Israel has been an explicit occupying power—by international standards—since the June 1967 war when it seized the West Bank from Jordan, the Golan Heights from Syria and the Sinai from Egypt.1 Almost immediately after the commencement of the Occupation, Israel began to construct a system and program of settlements in the Occupied Territories. What too many people in the USA fail to understand—or do not wish to understand—is that settlements on occupied territory represent a violation of international law. Both Israel and Morocco (in the latter’s occupation of the Western Sahara) are explicitly in violation of international law through their respective colonization projects.

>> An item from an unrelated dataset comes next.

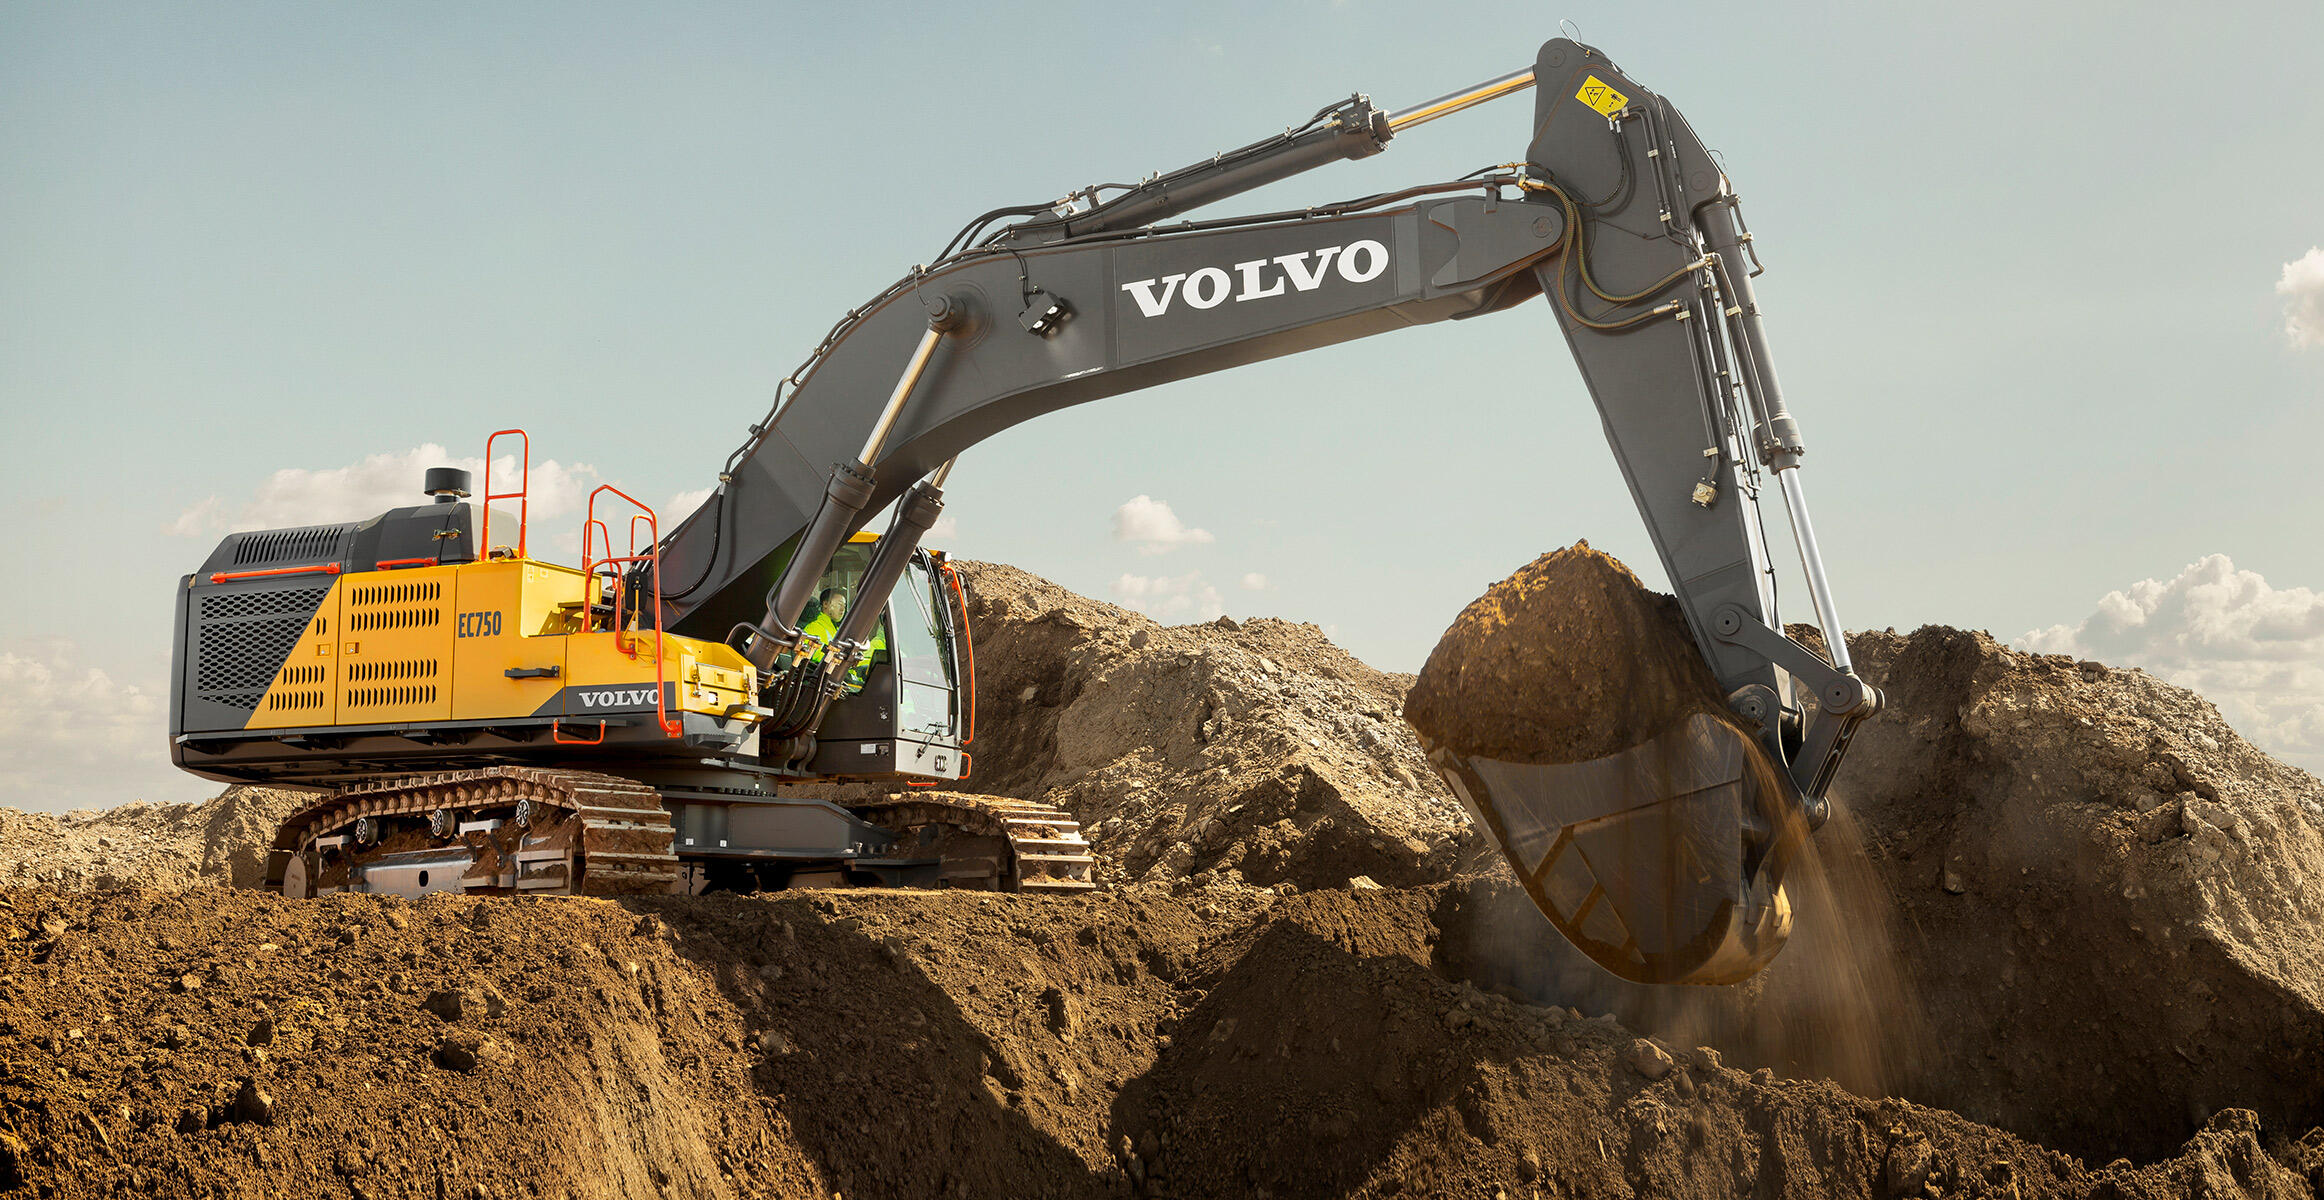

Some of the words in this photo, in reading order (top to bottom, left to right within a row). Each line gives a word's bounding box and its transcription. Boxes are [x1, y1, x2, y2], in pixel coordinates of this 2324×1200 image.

[1122, 240, 1389, 318] VOLVO
[458, 611, 502, 638] EC750
[579, 689, 659, 707] VOLVO

The United Nations has been quite clear that Israel should stop settlements, but in large part due to the refusal of the United States to take a serious stand against this practice, Israel has snubbed its nose at the UN and at most of the rest of the world.2
The term “settlement” does not properly convey what one sees in the Occupied Territories. What strikes any first-time visitor is that the settlements can better be described as suburban communities, not unlike the communities of stucco-tiled homes that line the hills along the coast of southern California. The word settlements brings to mind tent cities or other impermanent housing arrangements with neither water nor sewer service out in the middle of nowhere. That is not what one sees in the West Bank.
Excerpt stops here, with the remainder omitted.